Militantes do Chega, policiais, militares, um ex-juiz. Um dos detidos é conhecido nas redes sociais como “Rosnador”. Sonham com um mundo branco e nacional — de raiz, como batem no peito os fascistas nas ruas, ao mandarem os migrantes embora. O 1143 foi desmantelado. Mas há outros, que comem e bebem desse ódio.
A polícia fala em núcleos regionais de Norte a Sul de Portugal, e filiais entre migrantes portugueses que vivem na França e na Suíça. Recrutam membros e apoiantes como milícias, inclusive menores de idade, para atos xenófobos, perseguição e coação a minorias étnicas. E o resultado disso está todos os dias nos jornais. Ou pelo menos uma parte, com certeza.
João Carvalho, cientista político e investigador do Instituto Universitário de Lisboa (Iscte) analisa movimentos de extrema direita na Europa e explica que o que acontece em Portugal tem ligação direta ao sucesso do discurso do Chega, no atiçar clivagens pré-existentes na sociedade portuguesa. A partir de 2019, o partido de extrema-direita cresceu, inspirado pela presença de Bolsonaro, no Brasil.

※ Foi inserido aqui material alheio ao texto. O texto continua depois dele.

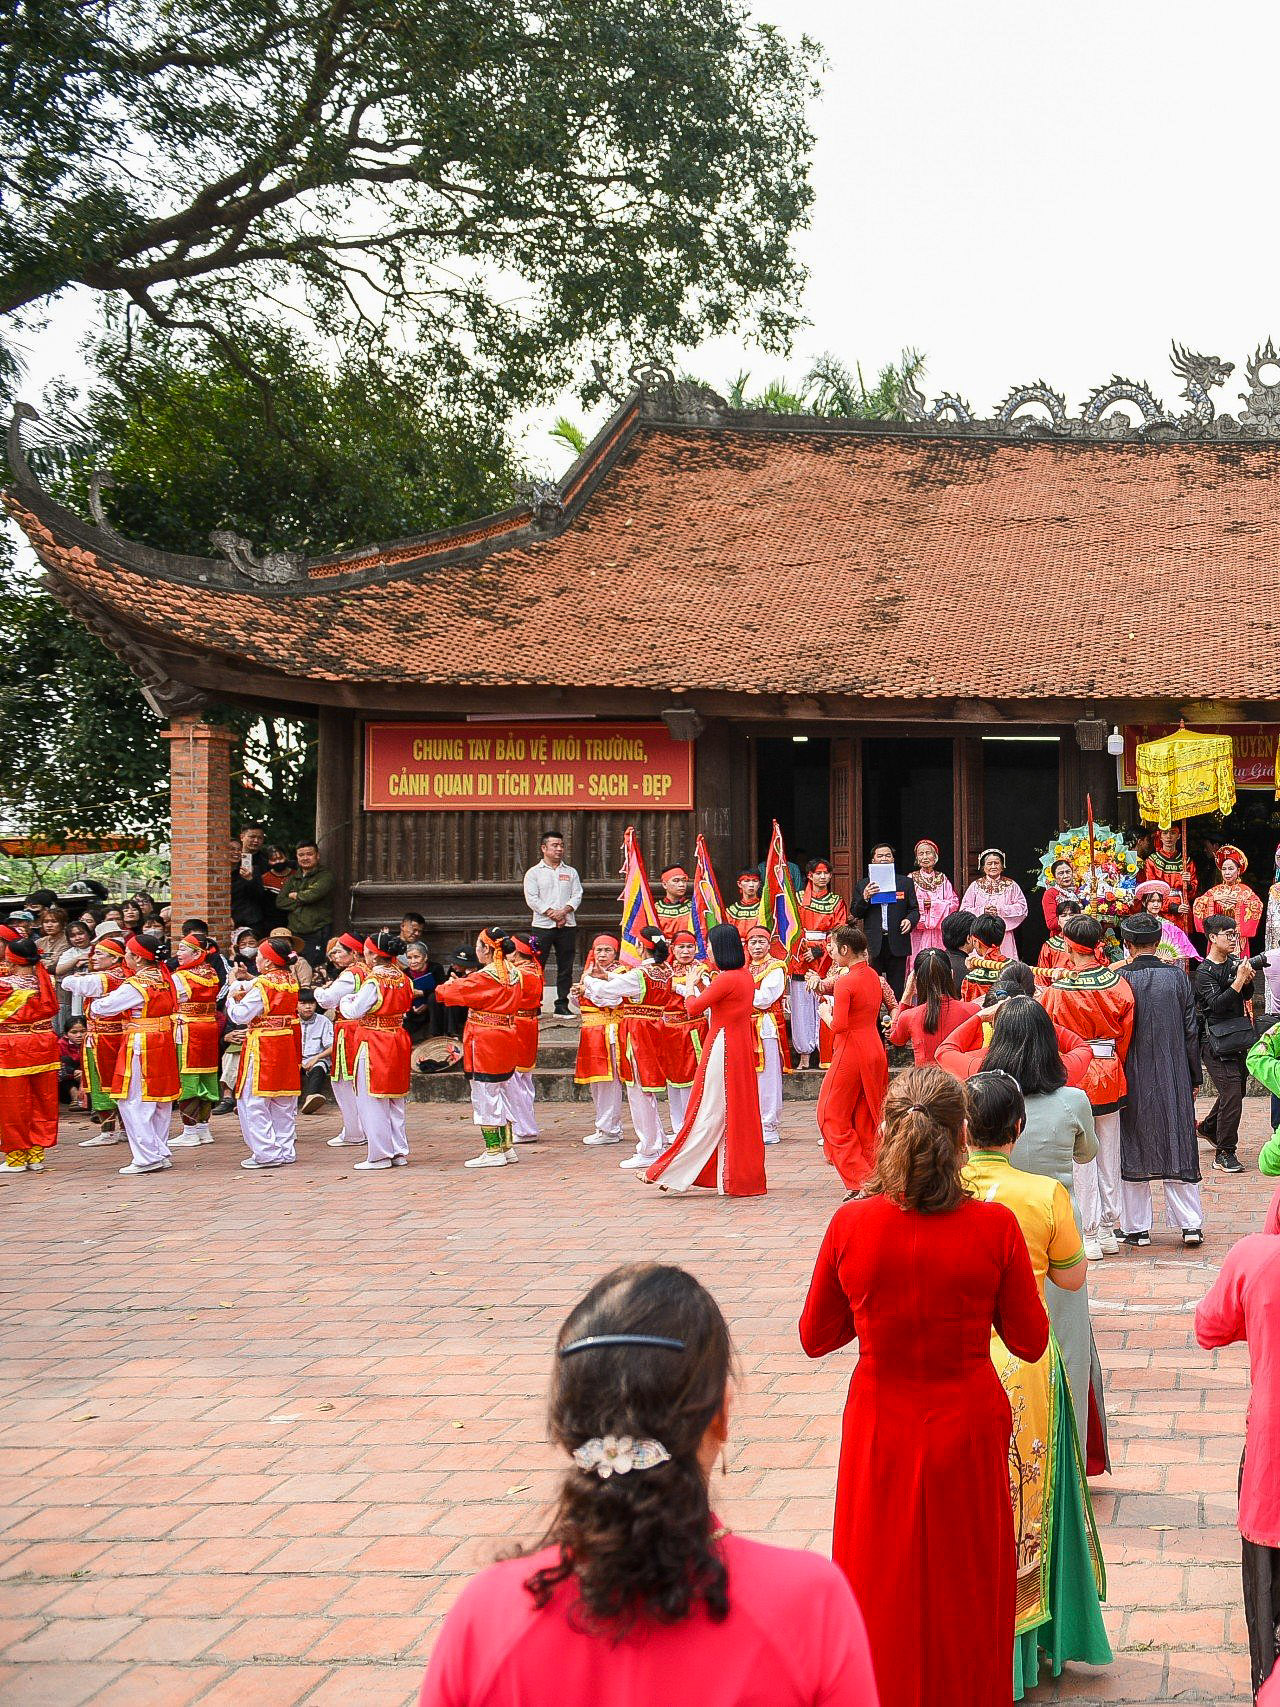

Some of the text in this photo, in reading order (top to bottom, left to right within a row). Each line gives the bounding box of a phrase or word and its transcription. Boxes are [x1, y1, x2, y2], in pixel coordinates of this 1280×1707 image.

A capitalização do sentimento de que a corrupção está disseminada, agudizando a desconfiança no sistema político, encontrou terreno fértil, em Portugal e no Brasil. Mas, em Portugal, há o acréscimo do discurso de que as minorias étnicas não fazem parte do projeto nacional, de que são um obstáculo ao desenvolvimento do país — o que é totalmente falso.
Esperando que Portugal resista. No Brasil, já vimos no que isso dá. Resistir, é o que faremos. Bem haja.